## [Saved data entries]

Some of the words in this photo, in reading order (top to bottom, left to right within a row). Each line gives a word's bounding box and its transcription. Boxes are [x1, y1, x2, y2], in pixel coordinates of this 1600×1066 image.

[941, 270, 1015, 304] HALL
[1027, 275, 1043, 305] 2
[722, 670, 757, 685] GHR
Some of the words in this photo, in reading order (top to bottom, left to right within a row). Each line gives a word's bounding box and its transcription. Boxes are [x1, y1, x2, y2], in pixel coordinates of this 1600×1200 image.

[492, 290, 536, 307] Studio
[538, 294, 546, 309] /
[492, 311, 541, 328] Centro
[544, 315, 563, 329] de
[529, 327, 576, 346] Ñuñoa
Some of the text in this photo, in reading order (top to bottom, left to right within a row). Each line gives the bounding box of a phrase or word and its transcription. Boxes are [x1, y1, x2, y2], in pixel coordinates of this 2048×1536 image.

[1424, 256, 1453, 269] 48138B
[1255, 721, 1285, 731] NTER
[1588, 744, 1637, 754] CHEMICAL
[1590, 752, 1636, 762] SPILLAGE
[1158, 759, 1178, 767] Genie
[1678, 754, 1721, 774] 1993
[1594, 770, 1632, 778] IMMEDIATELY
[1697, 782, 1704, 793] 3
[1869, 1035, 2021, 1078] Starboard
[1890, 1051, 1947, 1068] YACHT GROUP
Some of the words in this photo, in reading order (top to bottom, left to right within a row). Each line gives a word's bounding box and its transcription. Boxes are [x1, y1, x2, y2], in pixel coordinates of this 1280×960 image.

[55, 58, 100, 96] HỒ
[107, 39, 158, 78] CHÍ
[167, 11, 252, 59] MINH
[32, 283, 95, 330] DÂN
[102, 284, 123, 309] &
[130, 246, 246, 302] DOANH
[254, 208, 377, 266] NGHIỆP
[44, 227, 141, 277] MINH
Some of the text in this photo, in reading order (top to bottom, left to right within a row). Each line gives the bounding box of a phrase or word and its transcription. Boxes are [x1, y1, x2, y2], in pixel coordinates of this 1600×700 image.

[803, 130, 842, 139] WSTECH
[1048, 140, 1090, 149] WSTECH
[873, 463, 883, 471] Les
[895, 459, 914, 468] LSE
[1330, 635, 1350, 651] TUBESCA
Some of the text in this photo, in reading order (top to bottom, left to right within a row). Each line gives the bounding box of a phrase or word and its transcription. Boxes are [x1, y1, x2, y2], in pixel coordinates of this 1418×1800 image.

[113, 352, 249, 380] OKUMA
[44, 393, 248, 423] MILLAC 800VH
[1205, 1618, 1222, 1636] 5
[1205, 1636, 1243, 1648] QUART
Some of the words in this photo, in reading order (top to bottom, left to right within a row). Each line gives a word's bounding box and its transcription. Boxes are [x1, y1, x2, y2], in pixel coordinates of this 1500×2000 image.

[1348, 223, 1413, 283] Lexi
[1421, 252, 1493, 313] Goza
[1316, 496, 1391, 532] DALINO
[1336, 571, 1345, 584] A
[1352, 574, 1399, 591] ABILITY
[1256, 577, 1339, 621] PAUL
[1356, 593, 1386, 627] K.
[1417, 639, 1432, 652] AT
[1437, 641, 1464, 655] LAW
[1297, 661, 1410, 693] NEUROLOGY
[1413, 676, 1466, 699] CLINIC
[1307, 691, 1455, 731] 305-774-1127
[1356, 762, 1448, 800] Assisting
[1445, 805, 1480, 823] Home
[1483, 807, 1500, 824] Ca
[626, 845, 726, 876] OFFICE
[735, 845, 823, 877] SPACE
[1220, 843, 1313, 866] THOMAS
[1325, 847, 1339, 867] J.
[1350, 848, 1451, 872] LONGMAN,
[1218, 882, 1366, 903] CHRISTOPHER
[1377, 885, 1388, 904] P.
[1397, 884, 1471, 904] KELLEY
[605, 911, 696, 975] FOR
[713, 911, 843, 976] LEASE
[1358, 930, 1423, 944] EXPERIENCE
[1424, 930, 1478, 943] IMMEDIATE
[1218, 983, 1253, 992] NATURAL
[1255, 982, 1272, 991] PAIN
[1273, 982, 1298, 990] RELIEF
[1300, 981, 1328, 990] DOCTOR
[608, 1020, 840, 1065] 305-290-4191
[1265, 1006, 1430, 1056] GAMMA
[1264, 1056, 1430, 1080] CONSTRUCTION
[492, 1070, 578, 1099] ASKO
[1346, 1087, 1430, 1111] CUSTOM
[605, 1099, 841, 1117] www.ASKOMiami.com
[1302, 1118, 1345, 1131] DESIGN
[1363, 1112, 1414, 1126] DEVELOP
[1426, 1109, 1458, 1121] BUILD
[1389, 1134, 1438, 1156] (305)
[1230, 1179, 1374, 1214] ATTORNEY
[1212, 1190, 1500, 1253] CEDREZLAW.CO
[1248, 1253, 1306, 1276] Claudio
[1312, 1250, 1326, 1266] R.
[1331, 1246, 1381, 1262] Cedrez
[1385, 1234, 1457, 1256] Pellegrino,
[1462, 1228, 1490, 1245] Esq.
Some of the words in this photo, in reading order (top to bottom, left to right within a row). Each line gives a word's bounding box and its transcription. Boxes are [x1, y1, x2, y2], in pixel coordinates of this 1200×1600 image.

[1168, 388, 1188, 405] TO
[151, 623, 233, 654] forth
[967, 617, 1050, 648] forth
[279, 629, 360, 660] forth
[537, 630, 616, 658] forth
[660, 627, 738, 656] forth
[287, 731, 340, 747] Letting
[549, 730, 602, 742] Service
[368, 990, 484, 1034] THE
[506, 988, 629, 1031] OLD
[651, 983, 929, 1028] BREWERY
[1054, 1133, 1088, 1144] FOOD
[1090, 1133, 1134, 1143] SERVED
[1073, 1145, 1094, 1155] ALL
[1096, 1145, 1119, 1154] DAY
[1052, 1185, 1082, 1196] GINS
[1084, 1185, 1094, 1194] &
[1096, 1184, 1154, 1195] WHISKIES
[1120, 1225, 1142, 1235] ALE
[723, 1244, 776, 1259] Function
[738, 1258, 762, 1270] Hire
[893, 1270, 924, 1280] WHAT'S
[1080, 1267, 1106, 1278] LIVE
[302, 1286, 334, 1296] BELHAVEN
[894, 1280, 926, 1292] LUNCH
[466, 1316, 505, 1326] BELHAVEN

## [YOUR GOAL]
Your response must consist of all the records, retyped exactly.

## [WRITTEN ANSWER]
Some of the words in this photo, in reading order (top to bottom, left to right within a row). Each line gives a word's bounding box and its transcription. Boxes are [x1, y1, x2, y2], in pixel coordinates of this 1600×1066 image.

[941, 270, 1015, 304] HALL
[1027, 275, 1043, 305] 2
[722, 670, 757, 685] GHR
Some of the words in this photo, in reading order (top to bottom, left to right within a row). Each line gives a word's bounding box and its transcription. Boxes are [x1, y1, x2, y2], in pixel coordinates of this 1600×1200 image.

[492, 290, 536, 307] Studio
[538, 294, 546, 309] /
[492, 311, 541, 328] Centro
[544, 315, 563, 329] de
[529, 327, 576, 346] Ñuñoa
Some of the text in this photo, in reading order (top to bottom, left to right within a row). Each line gives the bounding box of a phrase or word and its transcription. Boxes are [x1, y1, x2, y2], in pixel coordinates of this 2048×1536 image.

[1424, 256, 1453, 269] 48138B
[1255, 721, 1285, 731] NTER
[1588, 744, 1637, 754] CHEMICAL
[1590, 752, 1636, 762] SPILLAGE
[1158, 759, 1178, 767] Genie
[1678, 754, 1721, 774] 1993
[1594, 770, 1632, 778] IMMEDIATELY
[1697, 782, 1704, 793] 3
[1869, 1035, 2021, 1078] Starboard
[1890, 1051, 1947, 1068] YACHT GROUP
Some of the words in this photo, in reading order (top to bottom, left to right within a row). Each line gives a word's bounding box and its transcription. Boxes are [x1, y1, x2, y2], in pixel coordinates of this 1280×960 image.

[55, 58, 100, 96] HỒ
[107, 39, 158, 78] CHÍ
[167, 11, 252, 59] MINH
[32, 283, 95, 330] DÂN
[102, 284, 123, 309] &
[130, 246, 246, 302] DOANH
[254, 208, 377, 266] NGHIỆP
[44, 227, 141, 277] MINH
Some of the text in this photo, in reading order (top to bottom, left to right within a row). Each line gives the bounding box of a phrase or word and its transcription. Boxes are [x1, y1, x2, y2], in pixel coordinates of this 1600×700 image.

[803, 130, 842, 139] WSTECH
[1048, 140, 1090, 149] WSTECH
[873, 463, 883, 471] Les
[895, 459, 914, 468] LSE
[1330, 635, 1350, 651] TUBESCA
Some of the text in this photo, in reading order (top to bottom, left to right within a row). Each line gives the bounding box of a phrase or word and its transcription. Boxes are [x1, y1, x2, y2], in pixel coordinates of this 1418×1800 image.

[113, 352, 249, 380] OKUMA
[44, 393, 248, 423] MILLAC 800VH
[1205, 1618, 1222, 1636] 5
[1205, 1636, 1243, 1648] QUART
Some of the words in this photo, in reading order (top to bottom, left to right within a row). Each line gives a word's bounding box and its transcription. Boxes are [x1, y1, x2, y2], in pixel coordinates of this 1500×2000 image.

[1348, 223, 1413, 283] Lexi
[1421, 252, 1493, 313] Goza
[1316, 496, 1391, 532] DALINO
[1336, 571, 1345, 584] A
[1352, 574, 1399, 591] ABILITY
[1256, 577, 1339, 621] PAUL
[1356, 593, 1386, 627] K.
[1417, 639, 1432, 652] AT
[1437, 641, 1464, 655] LAW
[1297, 661, 1410, 693] NEUROLOGY
[1413, 676, 1466, 699] CLINIC
[1307, 691, 1455, 731] 305-774-1127
[1356, 762, 1448, 800] Assisting
[1445, 805, 1480, 823] Home
[1483, 807, 1500, 824] Ca
[626, 845, 726, 876] OFFICE
[735, 845, 823, 877] SPACE
[1220, 843, 1313, 866] THOMAS
[1325, 847, 1339, 867] J.
[1350, 848, 1451, 872] LONGMAN,
[1218, 882, 1366, 903] CHRISTOPHER
[1377, 885, 1388, 904] P.
[1397, 884, 1471, 904] KELLEY
[605, 911, 696, 975] FOR
[713, 911, 843, 976] LEASE
[1358, 930, 1423, 944] EXPERIENCE
[1424, 930, 1478, 943] IMMEDIATE
[1218, 983, 1253, 992] NATURAL
[1255, 982, 1272, 991] PAIN
[1273, 982, 1298, 990] RELIEF
[1300, 981, 1328, 990] DOCTOR
[608, 1020, 840, 1065] 305-290-4191
[1265, 1006, 1430, 1056] GAMMA
[1264, 1056, 1430, 1080] CONSTRUCTION
[492, 1070, 578, 1099] ASKO
[1346, 1087, 1430, 1111] CUSTOM
[605, 1099, 841, 1117] www.ASKOMiami.com
[1302, 1118, 1345, 1131] DESIGN
[1363, 1112, 1414, 1126] DEVELOP
[1426, 1109, 1458, 1121] BUILD
[1389, 1134, 1438, 1156] (305)
[1230, 1179, 1374, 1214] ATTORNEY
[1212, 1190, 1500, 1253] CEDREZLAW.CO
[1248, 1253, 1306, 1276] Claudio
[1312, 1250, 1326, 1266] R.
[1331, 1246, 1381, 1262] Cedrez
[1385, 1234, 1457, 1256] Pellegrino,
[1462, 1228, 1490, 1245] Esq.
Some of the words in this photo, in reading order (top to bottom, left to right within a row). Each line gives a word's bounding box and its transcription. Boxes are [x1, y1, x2, y2], in pixel coordinates of this 1200×1600 image.

[1168, 388, 1188, 405] TO
[151, 623, 233, 654] forth
[967, 617, 1050, 648] forth
[279, 629, 360, 660] forth
[537, 630, 616, 658] forth
[660, 627, 738, 656] forth
[287, 731, 340, 747] Letting
[549, 730, 602, 742] Service
[368, 990, 484, 1034] THE
[506, 988, 629, 1031] OLD
[651, 983, 929, 1028] BREWERY
[1054, 1133, 1088, 1144] FOOD
[1090, 1133, 1134, 1143] SERVED
[1073, 1145, 1094, 1155] ALL
[1096, 1145, 1119, 1154] DAY
[1052, 1185, 1082, 1196] GINS
[1084, 1185, 1094, 1194] &
[1096, 1184, 1154, 1195] WHISKIES
[1120, 1225, 1142, 1235] ALE
[723, 1244, 776, 1259] Function
[738, 1258, 762, 1270] Hire
[893, 1270, 924, 1280] WHAT'S
[1080, 1267, 1106, 1278] LIVE
[302, 1286, 334, 1296] BELHAVEN
[894, 1280, 926, 1292] LUNCH
[466, 1316, 505, 1326] BELHAVEN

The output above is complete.